2020 Annual Report

Centre researchers and engineers have developed new and more advanced technologies that enable robots to see, understand and adapt to complex, unstructured and dynamically challenging environments as humans do.

The Centre creates robots to solve some of the world’s most significant challenges.  This has been done through the creation of bespoke robots, built from the ground up, by our talented researchers and engineers. In other instances our researchers create new software that can be used on existing robotic platforms to enhance existing functionality and capability.

Larvalbot
Larvalbot is an underwater robot platform that has greatly accelerated efforts to re-seed old corals with healthy new polyps.

COTSbot
COTSbot is a robot designed to seek out and control the Great Barrier Reef’s crown-of-thorns starfish (COTS), which are responsible for an estimated 40% of the reef’s total decline in coral cover.

RangerBot
RangerBot significantly extends the capabilities of its predecessor, the COTSbot, and exploits real-time on-board vision for navigation, obstacle detection, survey and management tasks.

Agbot II
Agbot II is a robot equipped with cameras, sensors and software and is designed to work in autonomous groups to navigate, detect and classify weeds and manage them either chemically or mechanically as well as apply fertilizer for site specific crop management.

Harvey
Harvey, the robotic capsicum harvester, is an horticultural robot prototype designed to identify and harvest capsicums.

Bruce
Bruce is an autonomous and versatile robo-boat with a range of emergency response and environmental management applications.

Carlie
Carlie is a scaled down version of a full-size autonomous car, with a range of camera sensors and significant on-board computer capability.

Cartman
Cartman is a Cartesian robot that won the 2017 Amazon Robotics Challenge.  It moves along three axes at right angles to each other, like a gantry crane, and features a rotating gripper that allows it to pick up items using either suction or a simple two-finger grip.

Penguin Pi
A small mobile robot the Penguin Pi couples a proven mobility platform with a Rasberry Pi and software resources.

Rocky
Rocky is a service and assistive robot that combines mobility with an arm, and was built to support a range of domestic tasks.

Franky
Franky is a more capable version of Rocky, that combines a high-performance mobile base with a 7-axis robot arm capable of compliant motion.

Snakebot
Snakebot has seen surgeons and roboticists join forces to explore how autonomous and semi-autonomous robots could be used in surgery, using keyhole surgery in the knee as a way to explore the technology.

Snakeraven
Snakeraven is a robot that attaches to the Raven II surgical robotic platform. This Snake-like manipulator is patient-specific and it can be designed for any anatomy.

 

Pepper – SoftBank Robotics’ humanoid robot
Pepper was the subject of a research project to equip it with a vision-based indoor navigation capability. It was also used to test a number of applications designed to explore robot-delivered healthcare services; such as delivering routine healthcare information to patients or taking a brief heal-related assessment.
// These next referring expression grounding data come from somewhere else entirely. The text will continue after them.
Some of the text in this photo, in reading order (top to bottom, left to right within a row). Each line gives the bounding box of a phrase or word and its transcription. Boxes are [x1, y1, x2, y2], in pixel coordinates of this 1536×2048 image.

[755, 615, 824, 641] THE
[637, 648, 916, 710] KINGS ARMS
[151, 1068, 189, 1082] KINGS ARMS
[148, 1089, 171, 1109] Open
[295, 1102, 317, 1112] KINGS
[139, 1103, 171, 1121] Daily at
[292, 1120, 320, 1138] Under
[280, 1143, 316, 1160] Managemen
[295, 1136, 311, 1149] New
Franka-Emika Panda Robot, Kinova Mico, Universal Robots UR5 and UR10 Omron LD-60
These robots have been used in our manipulation research which is focused on enabling a robot to manipulate objects in a robust manner without having access to detailed prior 3D models of those objects.  Instead, the robot uses vision-guided reaching, vision-guided grasping and task-informed manipulation to interact with every-day objects or to exchange objects with people.

Baxter
A two-armed light-industrial robot with vision capability, was used to support research into vision-based reinforcement learning for object manipulation.

UAVs
A range of UAV’s have been developed with vision sensors and then deployed into GPS denied environments, to enable research in spatial ecology, air quality sampling, path planning and navigation.